Aber Joni durfte nicht gehen. Sie musste der Polizei von Joel erzählen. Und zwar bevor die etwas über Perry erfuhren und ihre Aufmerksamkeit auf ihn richteten.
Ich war froh, dass Gabriel und ich aufgrund unserer Zusammenarbeit Telefonnummern ausgetauscht hatten. Unter dem Tisch schrieb ich ihm heimlich eine SMS: POLIZEI SOLL JETZT ZU UNSEREM HAUS KOMMEN!
Meine Mutter bot Joni Wasser an, das sie förmlich hinunterstürzte. Ich hielt sie mit einer schöneren Vision bei Laune, die mir der Anhänger gezeigt hatte.
»Ich sehe dich und Vicki. Ihr seid gleich angezogen, in weißen Hemden mit schwarzen Fliegen. Ihr flüstert und lacht.«
»Wir arbeiten bei einem Catering-Service«, sagte Joni und benutzte immer noch das Präsens. »Wir bedienen auf diesen schicken Partys und Veranstaltungen in der Stadt. Man verdient ganz gut und es macht auch noch Spaß.«
Joni schien die Erinnerung zu genießen, stand jetzt aber trotzdem auf und wollte gehen.

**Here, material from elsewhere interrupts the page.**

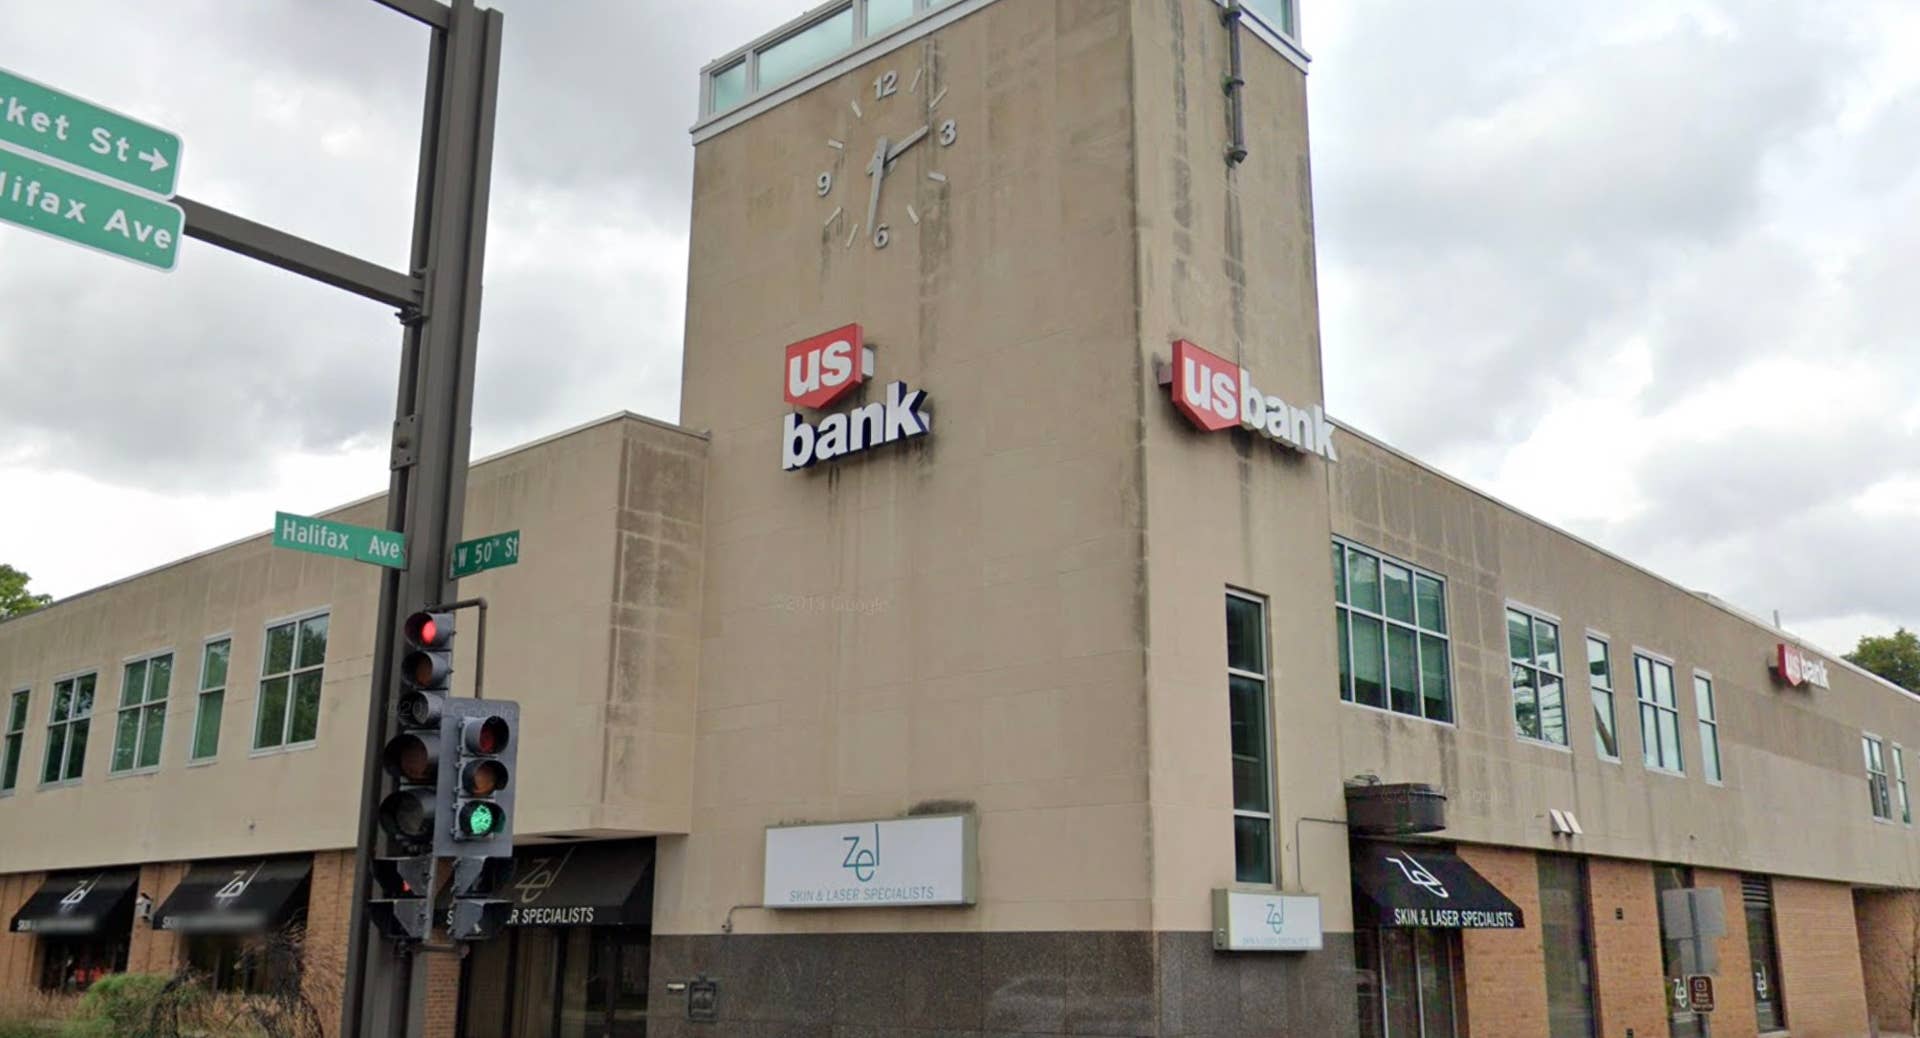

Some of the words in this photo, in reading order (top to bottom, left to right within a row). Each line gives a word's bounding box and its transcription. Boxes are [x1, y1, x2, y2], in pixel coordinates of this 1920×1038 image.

»Komm wieder, wenn du noch einen Termin brauchst oder einfach nur reden willst«, sagte Mom und brachte sie in die Diele.
In diesem Moment kamen Anthony und Gabriel Toscano herein. Gabriels dunkle Augen waren voller Sorge, und mir wurde klar, dass meine SMS zu vage gewesen war. Er dachte vielleicht, ich bräuchte Hilfe.
Und er war selbst gekommen, statt jemand anderen zu schicken.
Ich zwang mich, nicht darüber nachzudenken und auch nicht darüber, wie er in diesem Moment aussah. Stattdessen konzentrierte ich mich auf das Naheliegende: Joni.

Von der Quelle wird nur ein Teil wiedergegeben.